Given a N*N matrix M representing the friend relationship between students in the class. If M[i][j] = 1, then the ith and jth students are direct friends with each other, otherwise not. And you have to output the total number of friend circles among all the students.

Examples

Example 1:

graph LR
1 --- 2
3
  
Input:
isConnected =[[1,1,0],[1,1,0],[0,0,1]]
Output:
 2

Example 2:

graph TD
1
2
3
  
Input:
isConnected =[[1,0,0],[0,1,0],[0,0,1]]
Output:
 3

Solution

Method 1 - DFS

Code

Java
public class Solution {

	public int findCircleNum(int[][] isConnected) {
		boolean[] visited = new boolean[isConnected.length];
		int count = 0;

		for (int i = 0; i < isConnected.length; i++) {
			if (!visited[i]) {
				dfs(isConnected, visited, i);
				count++;
			}
		}

		return count;
	}

	public void dfs(int[][] isConnected, boolean[] visited, int i) {
		for (int j = 0; j < isConnected.length; j++) {
			if (isConnected[i][j] == 1 && !visited[j]) {
				visited[j] = true;
				dfs(isConnected, visited, j);
			}
		}
	}

}

Complexity

  • Time: O(n^2) for doing dfs as it is adjacency matrix representation
  • Space: O(n) for recursion stack and also visited array.

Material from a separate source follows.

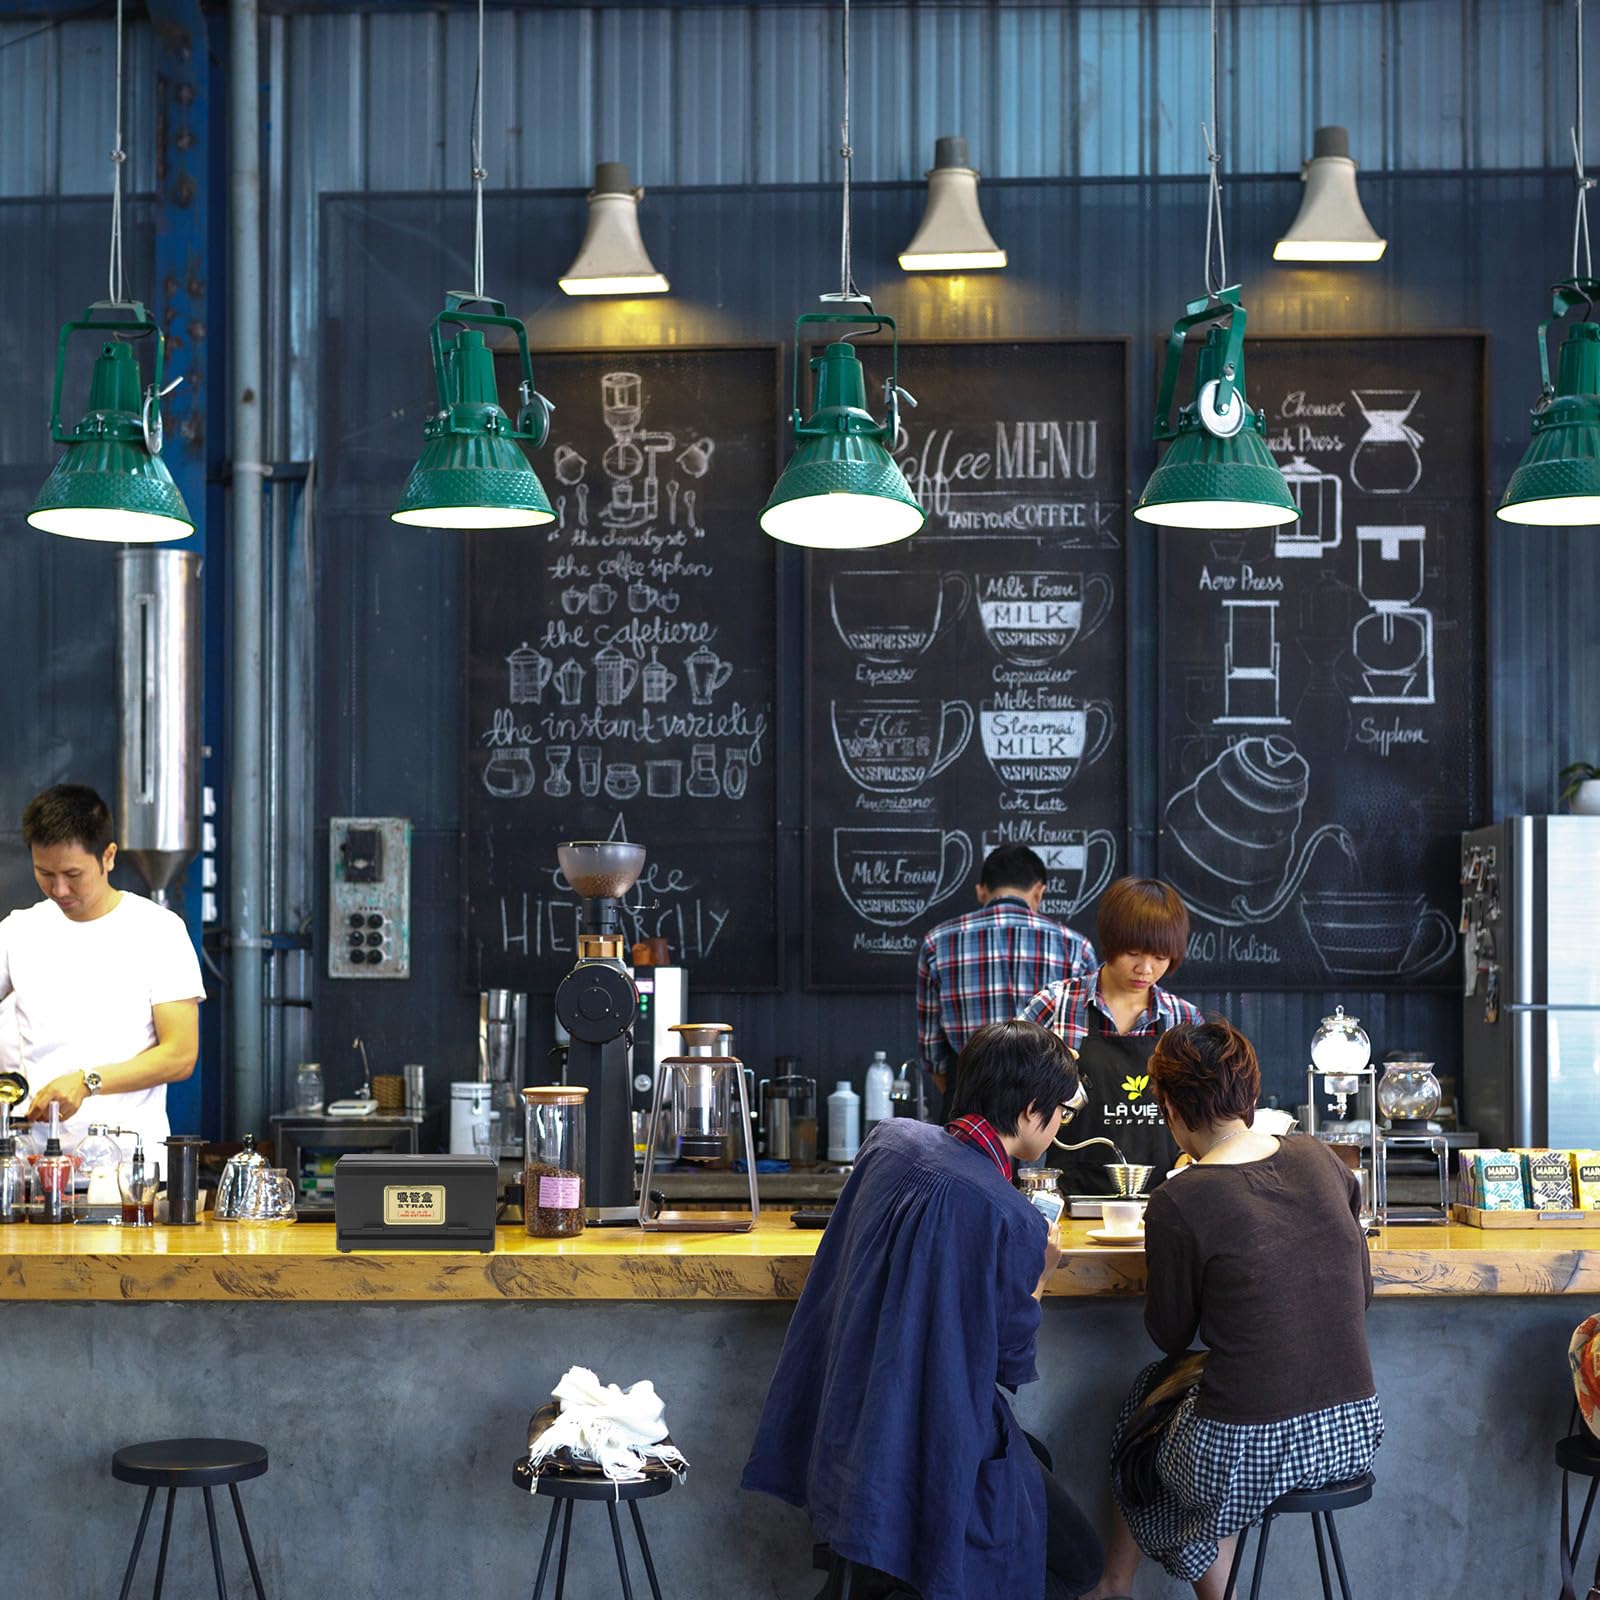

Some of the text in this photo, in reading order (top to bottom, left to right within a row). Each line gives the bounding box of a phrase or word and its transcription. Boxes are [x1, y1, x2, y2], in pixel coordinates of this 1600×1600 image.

Method 2 - Union Find Data Structure

This is a typical Union Find problem. Just add all the edges to it, and count the number of components.

Code

Java
public class Solution {

	public int findCircleNum(int[][] isConnected) {
		int n = isConnected.length;
		UnionFind uf = new UnionFind(n);

		for (int i = 0; i < n - 1; i++) {
			for (int j = i + 1; j < n; j++) {
				if (isConnected[i][j] == 1) {
					uf.union(i, j);
				}
			}
		}

		return uf.getNumComponents();
	}

	static class UnionFind {

		private int[] parent;

		private int[] rank;

		private int numComponents;

		public UnionFind(int n) {
			this.numComponents = n;
			makeSet();
		}

		private void makeSet() {
			rank = new int[numComponents];
			parent = new int[numComponents];

			for (int i = 0; i < parent.length; i++) {
				parent[i] = i;
				rank[i] = 0;
			}
		}

		public boolean union(int x, int y) {
			int root1 = find(x);
			int root2 = find(y);

			if (root1 == root2) {
				return false;
			}

			if (rank[root1] > rank[root2]) {
				parent[root2] = root1;
			} else {
				parent[root1] = root2;
			}

			if (rank[root1] == rank[root2]) {
				rank[root2] += 1;
			}

			numComponents--;
			return true;
		}

		public int find(int x) {
			while (parent[x] != x) {
				x = parent[x];
			}

			return x;
		}
		// count
		public int getNumComponents() {
			return numComponents;
		}

		public boolean isFullyConnected() {
			return numComponents == 1;
		}
	}
}

Complexity

  • ⏰ Time complexity: O(n^2 * α(n))
    • There are two nested loops which iterate over the upper triangular matrix excluding the diagonal.
      • Outer loop (i): runs from 0 to n-2 -> O(n)
      • Inner loop (j): runs from i+1 to n-1 -> O(n-i-1)
    • The union and find operations on average take O(α(n)), where α is the inverse Ackermann function, which is very close to O(1) for practical values of n.
  • 🧺 Space complexity: O(n) for storing parent and rank array.